How Climate Change Is Reshaping Where Birds Live
Birds are shifting ranges, breeding earlier, and facing new mismatches as the climate warms. Learn what the science shows and how birders can track and help.
Climate change is already rewriting the map of where birds live and when they breed. Birders are often the first to notice these shifts — and the data they collect is helping scientists understand a fast-moving story.
Ranges are shifting
As temperatures rise, many species are moving poleward and to higher elevations, tracking the climate conditions they're adapted to. Birds once considered 'southern' are appearing farther north; some northern and mountaintop species are running out of cooler places to go.
Timing mismatches
Many birds time migration and breeding to the spring flush of insects. As warming shifts the timing of insect emergence and plant growth, birds can arrive or hatch out of sync with their food supply — a 'phenological mismatch' that can reduce breeding success.
Extreme weather and habitat loss
- Stronger storms, droughts, and heat waves directly kill birds and degrade habitat.
- Sea-level rise threatens coastal marshes that shorebirds and marsh specialists depend on.
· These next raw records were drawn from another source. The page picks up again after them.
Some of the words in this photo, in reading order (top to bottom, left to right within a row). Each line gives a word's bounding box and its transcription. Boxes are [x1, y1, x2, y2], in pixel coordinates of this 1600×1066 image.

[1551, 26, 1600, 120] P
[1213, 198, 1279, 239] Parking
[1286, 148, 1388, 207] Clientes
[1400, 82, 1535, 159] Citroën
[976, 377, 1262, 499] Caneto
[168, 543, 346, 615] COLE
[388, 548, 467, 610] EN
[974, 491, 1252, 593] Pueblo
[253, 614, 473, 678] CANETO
- Wildfires reshape forests and the species that live in them.
What the projections say
Audubon's climate research projects that a large share of North American bird species are vulnerable to range loss under continued warming — but also that limiting warming dramatically reduces the risk. The future isn't fixed; it depends on what we do.
How birders help
Documenting where and when you see birds — through eBird and apps like Birder AI — creates the long-term records scientists use to detect range shifts and timing changes. Supporting habitat protection and climate action matters most, but careful observation is a real contribution. Your sightings are part of the early-warning system.
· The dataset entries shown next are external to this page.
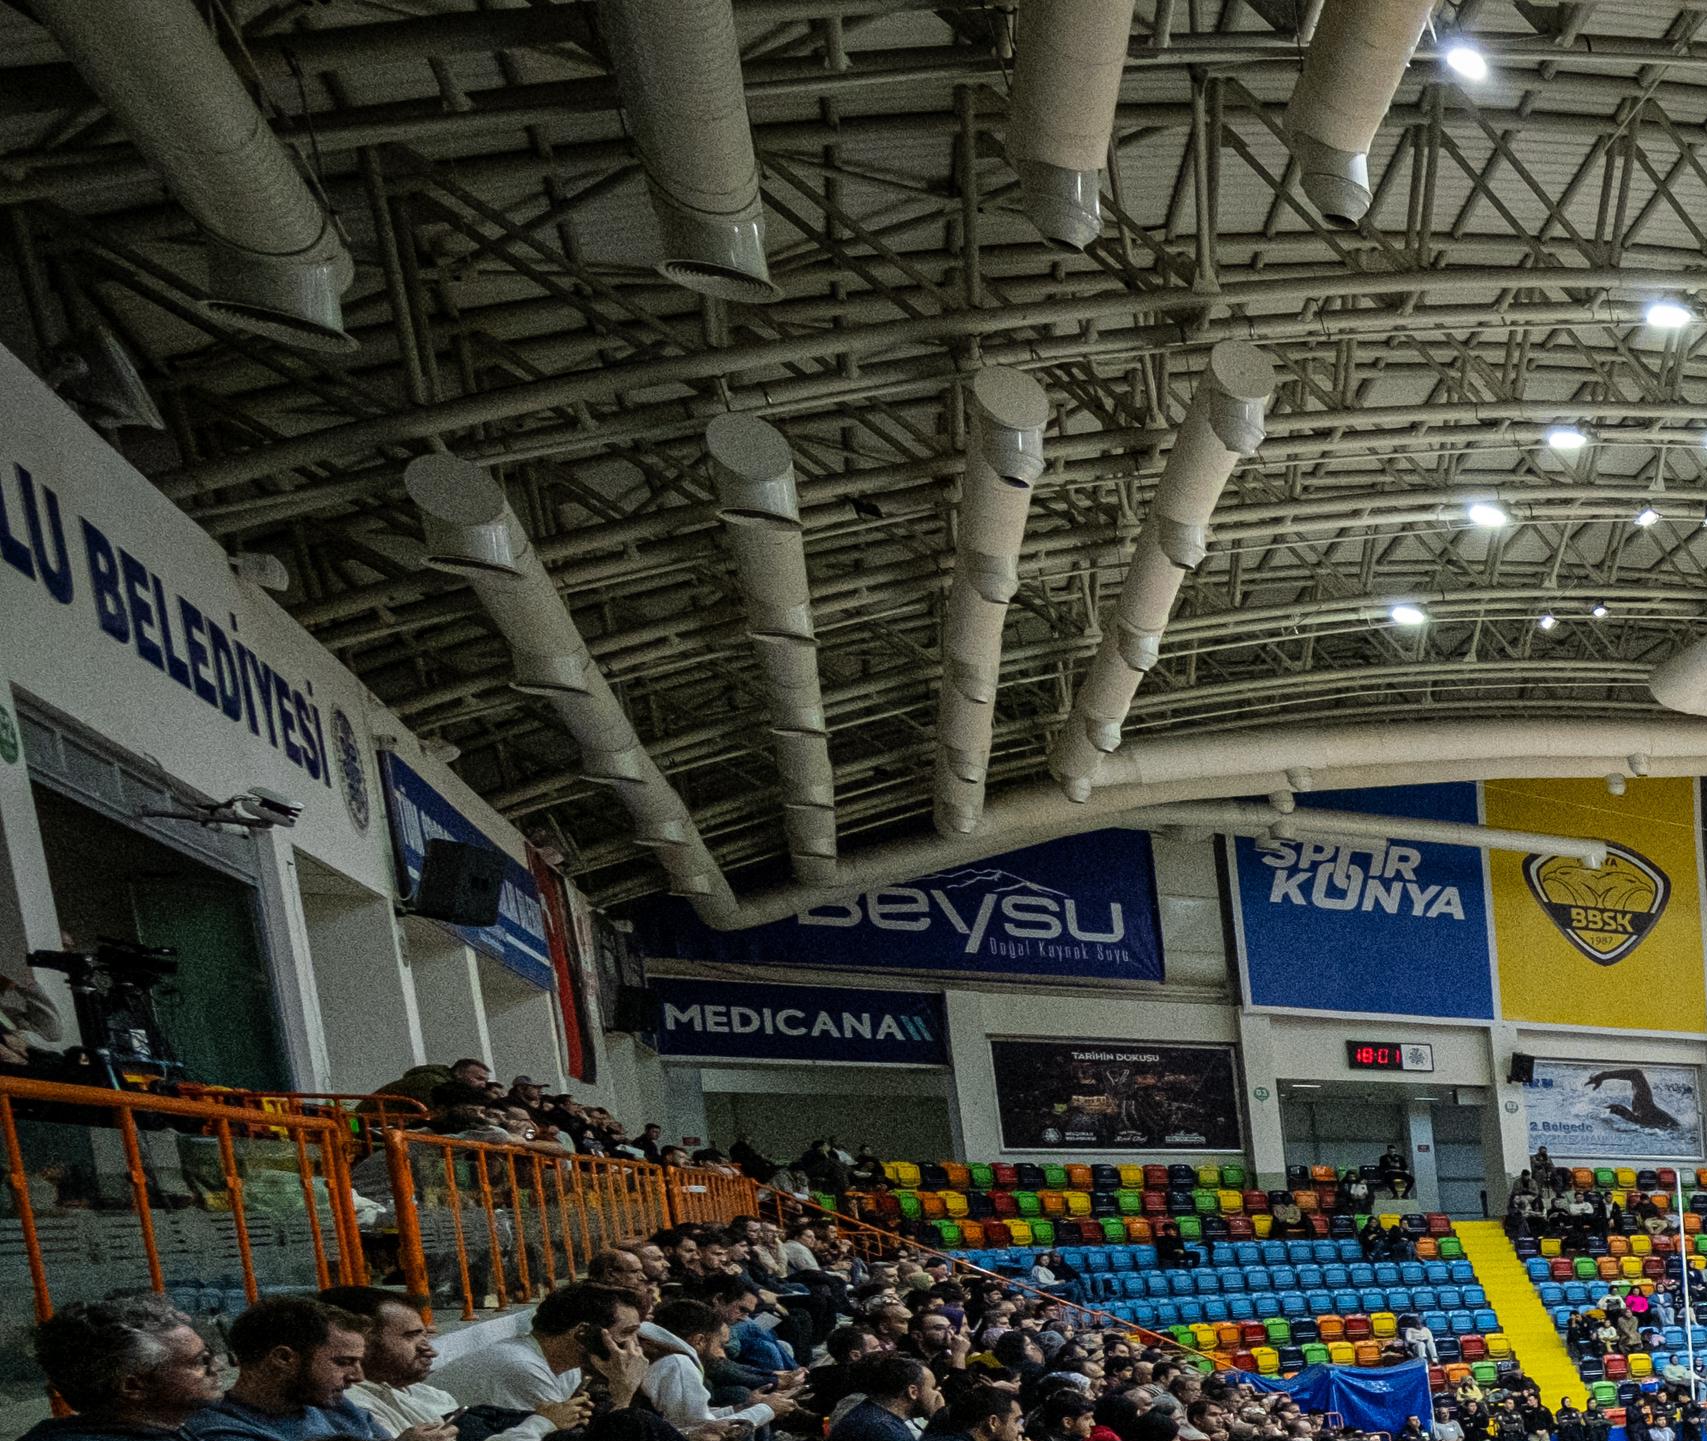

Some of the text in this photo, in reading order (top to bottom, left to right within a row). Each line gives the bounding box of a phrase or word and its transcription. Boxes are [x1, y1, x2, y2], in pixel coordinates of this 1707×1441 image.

[79, 515, 332, 789] BELEDİYESİ
[1270, 863, 1465, 920] KONYA
[664, 1002, 906, 1041] MEDICANA
[1072, 1052, 1114, 1062] TARİHİN
[1356, 1047, 1400, 1064] 18:01
Frequently asked questions
How does climate change affect birds?+
Climate change is shifting bird ranges poleward and upslope, causing timing mismatches between migration/breeding and food supply, and increasing deadly extreme weather and habitat loss (including coastal marsh loss from sea-level rise). Research finds many North American species are vulnerable, though limiting warming greatly reduces the risk.
Can birders help track climate change effects on birds?+
Yes. By recording where and when they see birds through eBird and apps like Birder AI, birders build the long-term datasets scientists use to detect range shifts and phenological changes — effectively acting as an early-warning network.